La période écoulée (2018) montre que ces économies sont bien plus robustes qu’elles ne l’étaient déjà: tous les pays ont maîtrisé la crise turque. Et cela en dépit du fait que la Turquie est pour certains le tout premier partenaire commercial extérieur – parfois même devant l’UE.

Les pays d’Europe de l’Est – qu’ils soient ou non membres de l’UE – ont des économies très diversifiées. Ils ne dépendent pas d’une seule industrie ou d’un seul partenaire commercial.

Jouer sur plusieurs tableaux

Cette situation crée plusieurs opportunités en parallèle et contribue à réduire les risques. La Pologne est par exemple plus étroitement liée à la Chine que l’Allemagne.

La Bulgarie n’a aucun problème à être membre de l’UE et à avoir la Turquie comme principal partenaire commercial: lorsqu’elle a eu des problèmes économiques, l’économie bulgare a pu ouvrir des marchés en Russie (grâce à la médiation de l’Ukraine).

De nombreux pays d’Europe de l’Est allient politique nationaliste et pragmatisme dans le commerce extérieur. Nous l’avons vu cet automne avec la Pologne (JAM 11 2018, n.d.l.r.).

Quelle irrationalité?

Or c’est précisément sur ce point que les analystes identifient plusieurs dangers potentiels. La politique nationaliste peut facilement se transformer en protectionnisme et en activisme imprudent. Leur grand pragmatisme peut parfois se heurter à un manque de compréhension, en particulier de la part de l’UE mais aussi de la part des Etats-Unis.

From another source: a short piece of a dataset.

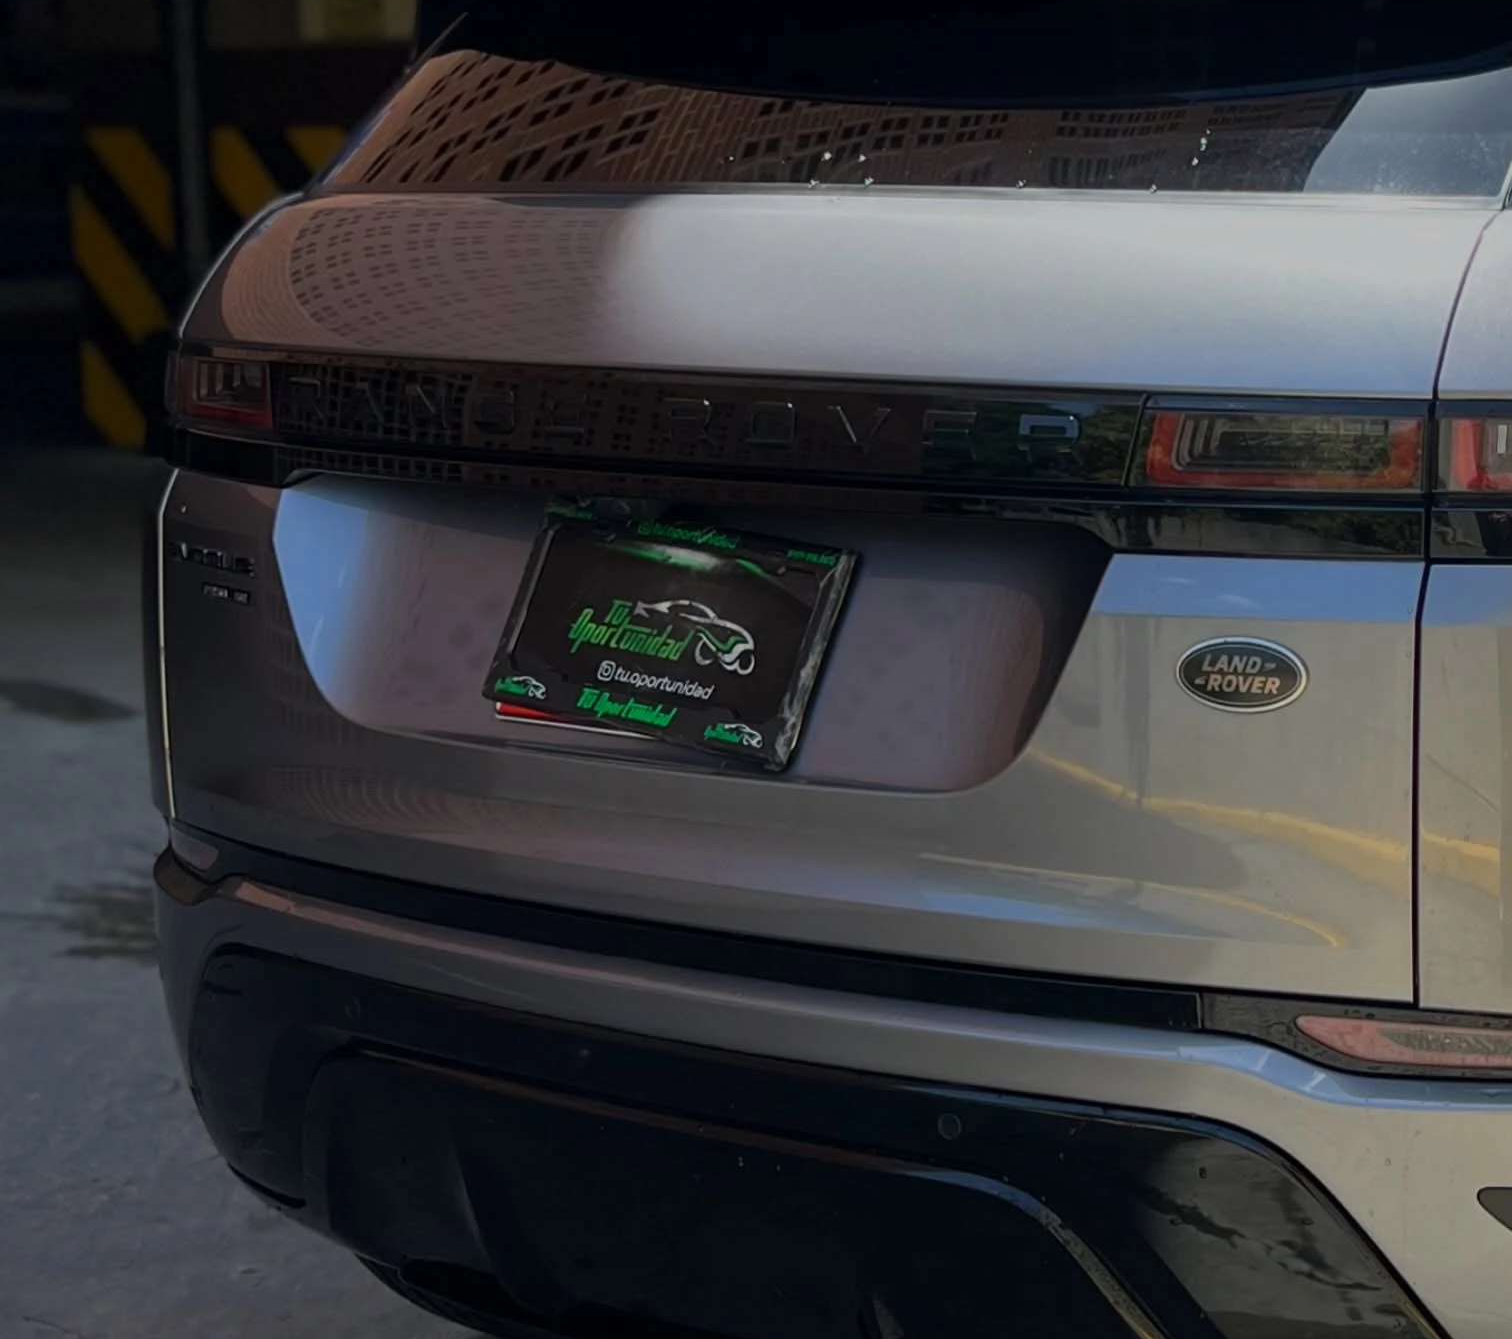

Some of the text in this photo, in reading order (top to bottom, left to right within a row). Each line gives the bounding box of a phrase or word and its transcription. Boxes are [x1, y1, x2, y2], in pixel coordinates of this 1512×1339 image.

Lorsqu’ils exercent des pressions, beaucoup pensent que les Etats d’Europe de l’Est peuvent réagir de manière «irrationnelle». Mais il y a aussi d’autres défis, comme l’endettement moyen élevé des ménages privés et les craintes d’inflation.

Donc dans l’ensemble, les perspectives sont positives – du moins pour ceux qui n’ont pas peur des montagnes russes politiques.